Recently my mind has been exercised over the issue of child bullying.
I have a self defence (defense is the US spelling) program as a regular part of my classes that is based
on the a program called the Protective Behaviors Program that I learned
from the Victorian Police. I will be writing another child bullying
article with much more detail on that at another time.
However there is a lot of good work going on our in schools with child bullying. never the less, from time to time I still get some parents coming to me about their children having difficulty in school. This is why my mind has been set working once again.
Having been bullied as a child (in fact it was one of the reasons I took up Judo) I have done a lot of research over the years on this subject. These days we know a lot about what contributes to a person becoming a bully. Unfortunately there is still a great deal of work needed to solve the problem.
Some schools have introduced good programs such as:
Mentoring programs, where older children are expected to spend time with younger children;
Confrontation programs, where the child who has been creating problems for other children, is required, with both sets of parents and a moderator present, to confront the child or children they have been creating problems for and helped to understand the affect they are having on themselves and others;
Child to Child Mediation (my personal favorite) where the children are taught how to mediate disputes between children and under supervision mediation sessions are set up.
If your school has introduced such a child bullying program
or is thinking of doing so, I encourage you to get behind it as
much as you are able. These programs have had some very good results
but in order to maintain there effectiveness they need to be monitored
and concerned adults who have studied the program well are still
the best ones to monitor them.
Some times the only thing that can be done is for the bully to have professional counseling and sometimes you may have to force that issue.

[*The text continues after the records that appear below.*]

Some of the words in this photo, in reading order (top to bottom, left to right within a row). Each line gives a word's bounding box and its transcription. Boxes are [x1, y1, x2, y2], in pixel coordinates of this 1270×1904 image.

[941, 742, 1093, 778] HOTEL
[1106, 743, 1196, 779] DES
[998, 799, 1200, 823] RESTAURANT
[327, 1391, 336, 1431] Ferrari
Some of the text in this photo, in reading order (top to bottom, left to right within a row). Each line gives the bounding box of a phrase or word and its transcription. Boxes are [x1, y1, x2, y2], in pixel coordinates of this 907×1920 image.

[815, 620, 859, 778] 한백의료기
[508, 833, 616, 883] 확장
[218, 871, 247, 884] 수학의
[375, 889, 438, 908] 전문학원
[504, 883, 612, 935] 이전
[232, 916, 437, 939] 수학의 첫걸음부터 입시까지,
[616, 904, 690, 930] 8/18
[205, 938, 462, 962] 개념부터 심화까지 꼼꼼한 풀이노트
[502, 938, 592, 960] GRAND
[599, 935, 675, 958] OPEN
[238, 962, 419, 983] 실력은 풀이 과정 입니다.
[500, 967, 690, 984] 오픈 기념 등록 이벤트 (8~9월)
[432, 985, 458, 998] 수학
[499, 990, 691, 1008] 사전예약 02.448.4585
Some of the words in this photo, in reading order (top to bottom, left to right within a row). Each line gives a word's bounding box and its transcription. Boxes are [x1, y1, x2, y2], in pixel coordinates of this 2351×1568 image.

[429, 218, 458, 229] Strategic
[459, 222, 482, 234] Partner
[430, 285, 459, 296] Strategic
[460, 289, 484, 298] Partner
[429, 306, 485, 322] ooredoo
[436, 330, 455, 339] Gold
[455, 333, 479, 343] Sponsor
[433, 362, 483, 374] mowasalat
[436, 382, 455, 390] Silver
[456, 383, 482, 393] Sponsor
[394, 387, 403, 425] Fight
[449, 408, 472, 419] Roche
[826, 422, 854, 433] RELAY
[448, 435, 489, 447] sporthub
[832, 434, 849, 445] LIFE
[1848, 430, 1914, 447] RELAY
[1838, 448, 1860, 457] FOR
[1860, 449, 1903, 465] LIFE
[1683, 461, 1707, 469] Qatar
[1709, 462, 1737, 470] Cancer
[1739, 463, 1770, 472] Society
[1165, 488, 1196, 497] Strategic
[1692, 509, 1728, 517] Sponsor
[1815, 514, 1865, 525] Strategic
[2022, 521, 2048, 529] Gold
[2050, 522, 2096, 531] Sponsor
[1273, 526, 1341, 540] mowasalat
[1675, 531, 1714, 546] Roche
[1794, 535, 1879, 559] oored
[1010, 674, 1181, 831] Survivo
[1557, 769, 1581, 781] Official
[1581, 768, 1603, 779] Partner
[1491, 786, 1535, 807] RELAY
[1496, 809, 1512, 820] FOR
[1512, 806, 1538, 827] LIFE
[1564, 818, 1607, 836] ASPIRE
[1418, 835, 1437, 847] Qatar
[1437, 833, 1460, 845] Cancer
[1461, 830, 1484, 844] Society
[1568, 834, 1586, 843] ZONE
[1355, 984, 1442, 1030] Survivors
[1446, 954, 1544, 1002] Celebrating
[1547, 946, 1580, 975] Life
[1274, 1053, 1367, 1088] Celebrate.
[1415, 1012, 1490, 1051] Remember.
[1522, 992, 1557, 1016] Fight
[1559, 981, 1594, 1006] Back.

If your school does not have a child bullying program in place, I encourage you to lobby them to do so.
The programs that schools introduce have many different names. Sometimes they are called the above, sometimes "Harm Minimization". Just because it has the right name does not mean it is any good. There are some next to useless programs out there and some that are even harmful in my opinion.
Ask questions. Read up on the available material (both from the school and other sources). Be satisfied that the program is working. If there are problems lobby and work with the school to fix them.
Many times programs are adopted because they come from the right source and are assumed to be good. This is not always true and schools are often grateful to have it pointed out to them and have help correcting it. If they are not.....
DON'T just tolerate it.
Fight to have it changed or in the worst-case change schools!!!!!!
Reachout.com has some excellent resources on this subject not to mention a who bunch of related young peoples issues.
Despite all this good work as I have said there is still an on going problem. Things like telling the teacher 'do' have some effect but often have as many bad results.
Over time the only thing that has remained constant is that confidence is the biggest factor that affects bullying.
I have asked hundreds of Martial Artist over the years and
all but one have said to me that within a very short time of them
starting Martial Arts (just about any Martial Art as much as I
would like to say that Judo is the only way), the bullying stopped
without then lifting a finger. Self-confidence was the only factor
they could put it down to.
As I said there was one exception and he said the only way it stopped for him was to beat the living daylights out of those who were picking on him.
Despite even this not all my students have eliminated bullying from their lives. The one thing in my life that was different to these students is that the ones that are still having the problem don't compete. For me that competition was judo for others it was there favorite sport.
I cannot recommend competition enough. Any competition. I encourage any parent that is concerned about bullying in their child's life to try to encourage their child into competition. If your child already competes in a team sport and is still having self confidence problems then individual competition is worth a try.
Having said all this I would like to encourage you to encourage your child into competition as soon as you think they are able. And don't forget Judo has regular competitions. There is a huge factor introduced into ones life when one has to confront an opponent who is out to score against you.